Crivo de Atkin

Crivo de Atkin é um algoritmo matemático moderno usado para encontrar todos os números primos até determinado valor máximo. Ele é uma versão aprimorada do Crivo de Eratóstenes e com um desempenho assintótico melhor. Foi criado em 2003 por Arthur Oliver Lonsdale Atkin e Daniel J. Bernstein.[1]

Implementação

#Implementação em python do Crivo de Atkin
from math import sqrt, ceil, pow

class SieveOfAtkin:
	def __init__(self, limit):
		self.limit = limit		
		self.primes = []	
		self.sieve = [False]*(self.limit+1)

	
	def flip(self, prime):
		try:
			self.sieve[prime] = not self.sieve[prime]
		except KeyError:
			pass


	def invalidate(self, prime):
		try:
			if self.sieve[prime]:
			    self.sieve[prime] = False
		except KeyError:
			pass			


	def isPrime(self, prime):
		try:
			return self.sieve[prime]
		except KeyError:
			return False


	def getPrimes(self):			
		testingLimit = int(ceil(sqrt(self.limit)))
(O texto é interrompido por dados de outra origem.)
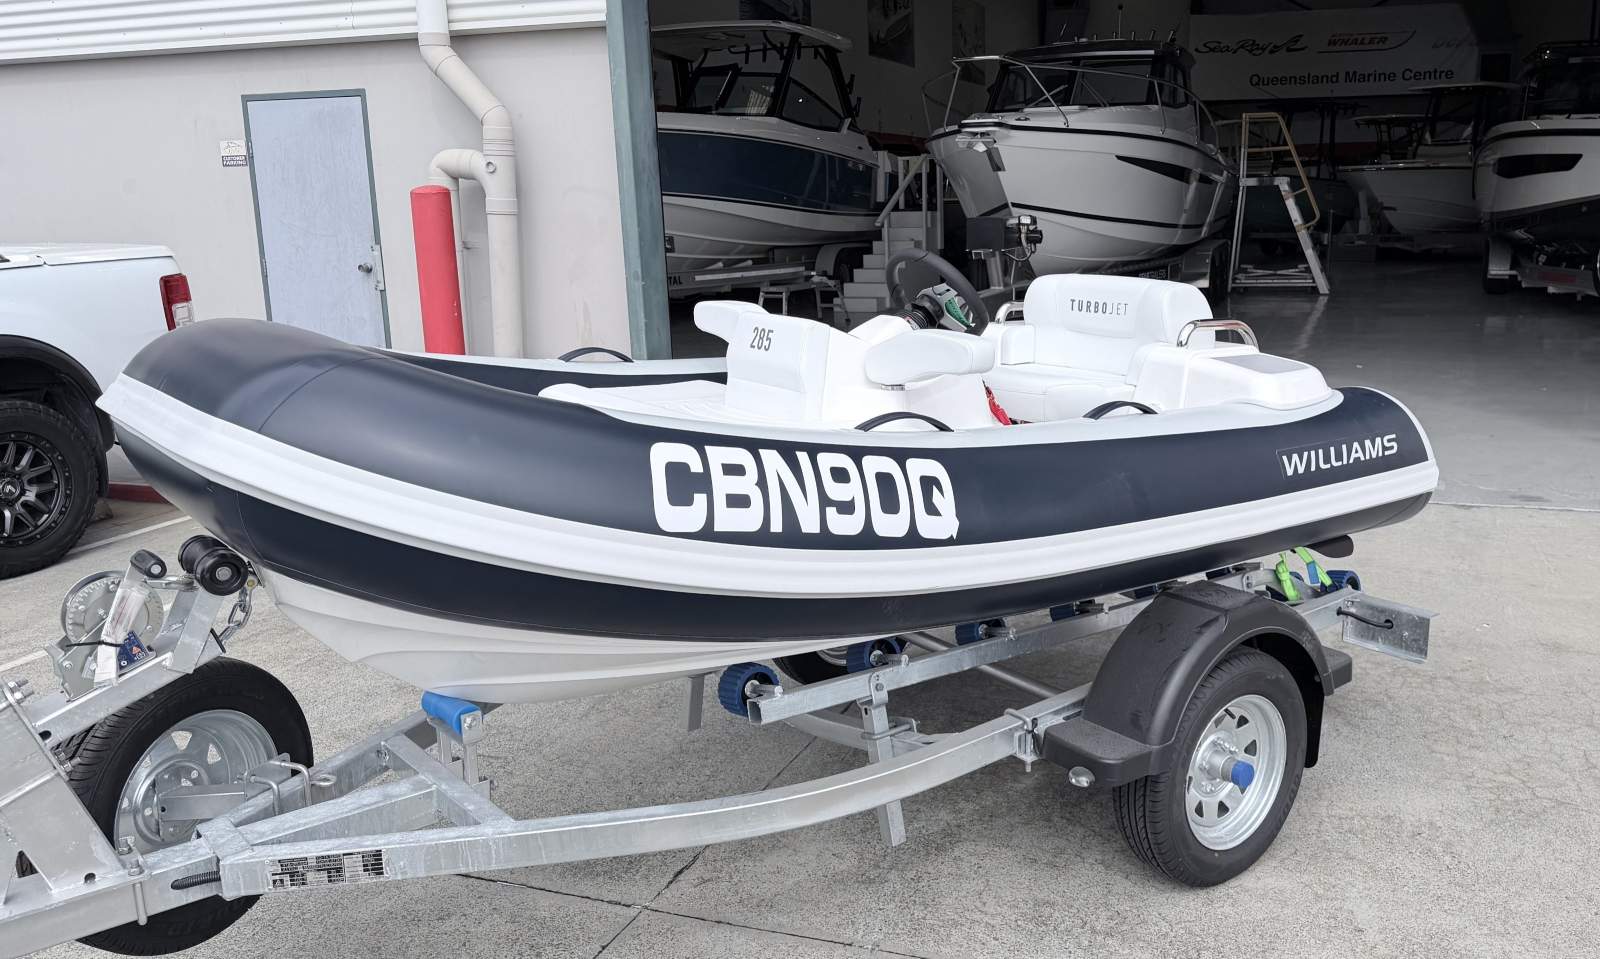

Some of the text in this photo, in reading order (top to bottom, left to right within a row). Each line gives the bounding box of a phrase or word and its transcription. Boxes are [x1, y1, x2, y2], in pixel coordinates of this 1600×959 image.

		for i in range(testingLimit):
			for j in range(testingLimit):
				# n = 4*i^2 + j^2
				n = 4*int(pow(i, 2)) + int(pow(j,2))
				if n <= self.limit and (n % 12 == 1 or n % 12 == 5):				
					self.flip(n)

				# n = 3*i^2 + j^2
				n = 3*int(pow(i, 2)) + int(pow(j,2))
				if n <= self.limit and n % 12 == 7:				
					self.flip(n)				

				# n = 3*i^2 - j^2
				n = 3*int(pow(i, 2)) - int(pow(j,2))
				if n <= self.limit and i > j and n % 12 == 11:					
					self.flip(n)				


		for i in range(5, testingLimit):			
			if self.isPrime(i):
				k = int(pow(i, 2))
				for j in range(k, self.limit+1, k):
					self.invalidate(j)
							
		self.primes = [2, 3] + [x for x in range(len(self.sieve)) if self.isPrime(x) and x>=5]
		return self.primes

soa = SieveOfAtkin(1000000)
print(soa.getPrimes())

Referências

  1. A.O.L. Atkin, D.J. Bernstein, Crivos de números primos usando formas quadráticas binárias (Prime sieves using binary quadratic forms), Math. Comp. 73 (2004), 1023-1030.[1]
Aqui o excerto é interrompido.